(Supplied information begins)
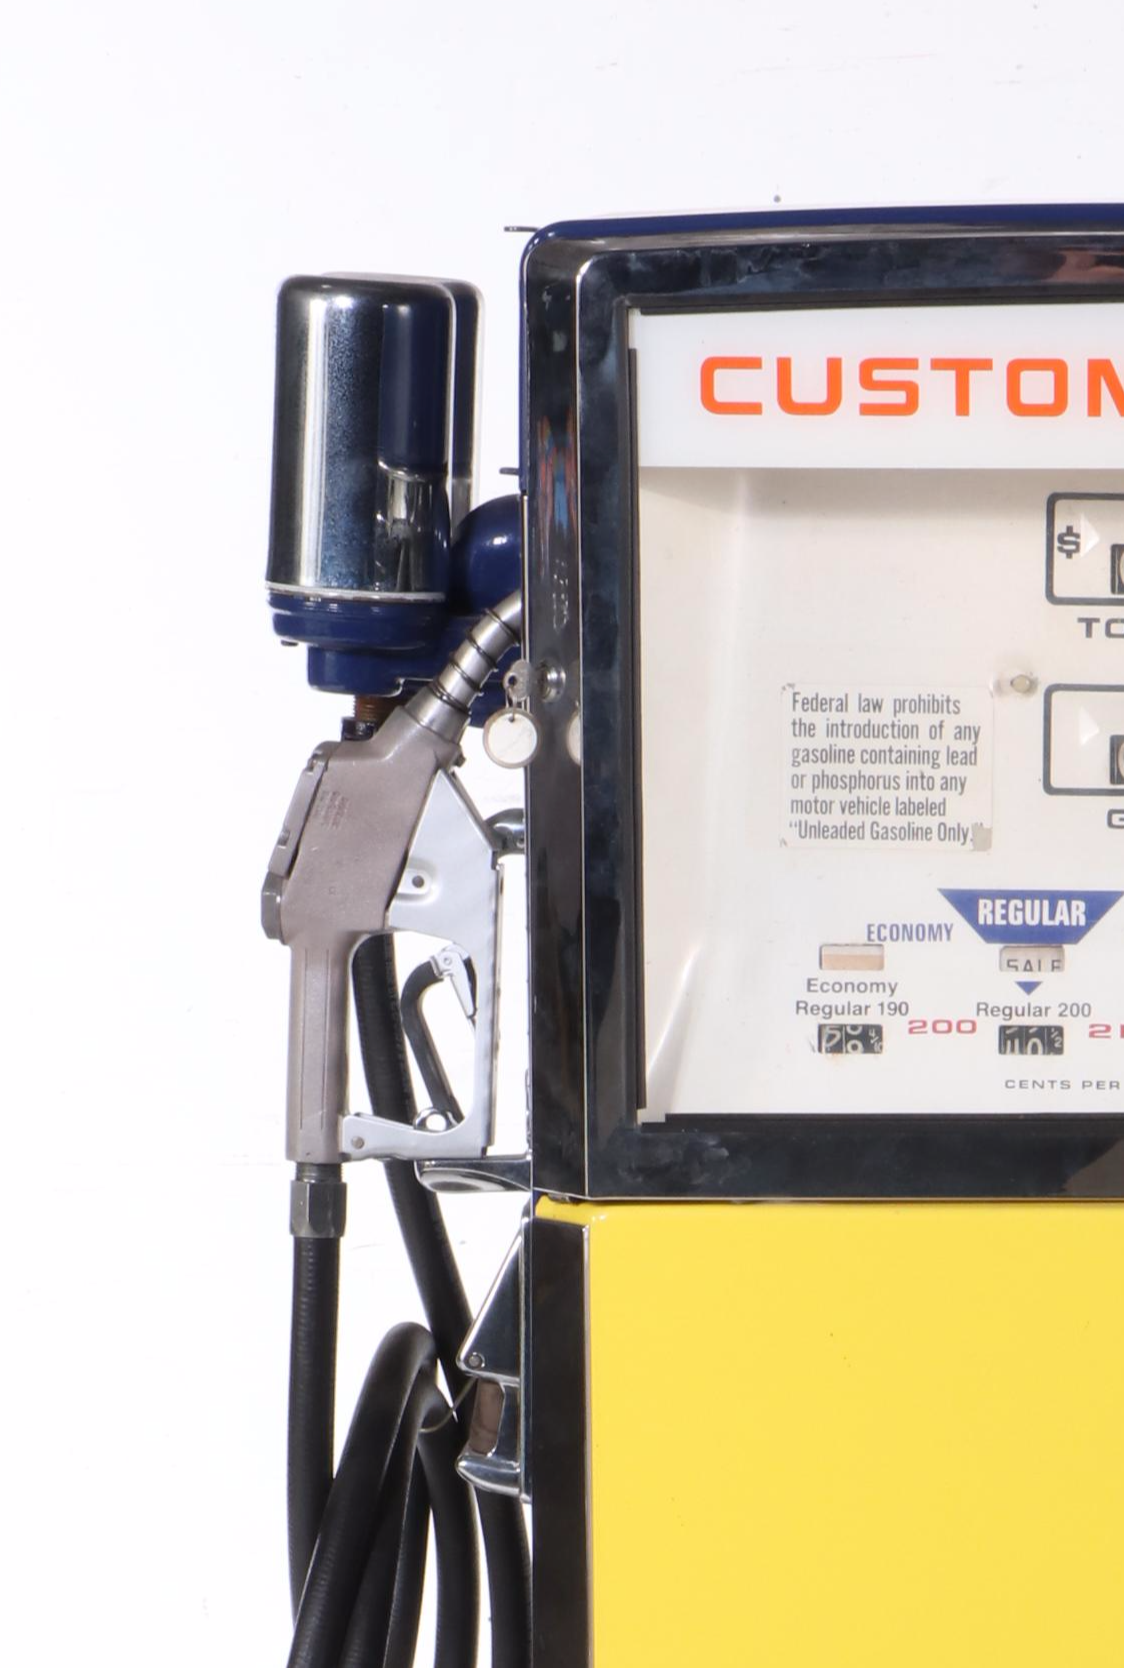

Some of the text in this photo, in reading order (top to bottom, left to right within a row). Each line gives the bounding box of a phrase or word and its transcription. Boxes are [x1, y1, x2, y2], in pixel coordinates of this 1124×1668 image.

[793, 692, 960, 718] Federal law prohibits
[791, 717, 980, 746] the introduction of any
[792, 744, 977, 769] gasoline containing lead
[791, 769, 967, 796] or phosphorus into any
[791, 796, 946, 816] motor vehicle labeled
[870, 821, 933, 841] Gasoline
[977, 897, 1087, 928] REGULAR
[866, 923, 954, 943] ECONOMY
[807, 978, 898, 997] Economy
[796, 1000, 909, 1020] Regular 190
[974, 1002, 1091, 1021] Regular 200
[908, 1020, 977, 1034] 200
[1005, 1080, 1071, 1089] CENTS
[1082, 1081, 1120, 1090] PER
(Supplied information ends)
**Work to complete**:
Every entry should come back exactly as written, only without images.

**Output below**:
Some of the text in this photo, in reading order (top to bottom, left to right within a row). Each line gives the bounding box of a phrase or word and its transcription. Boxes are [x1, y1, x2, y2], in pixel coordinates of this 1124×1668 image.

[793, 692, 960, 718] Federal law prohibits
[791, 717, 980, 746] the introduction of any
[792, 744, 977, 769] gasoline containing lead
[791, 769, 967, 796] or phosphorus into any
[791, 796, 946, 816] motor vehicle labeled
[870, 821, 933, 841] Gasoline
[977, 897, 1087, 928] REGULAR
[866, 923, 954, 943] ECONOMY
[807, 978, 898, 997] Economy
[796, 1000, 909, 1020] Regular 190
[974, 1002, 1091, 1021] Regular 200
[908, 1020, 977, 1034] 200
[1005, 1080, 1071, 1089] CENTS
[1082, 1081, 1120, 1090] PER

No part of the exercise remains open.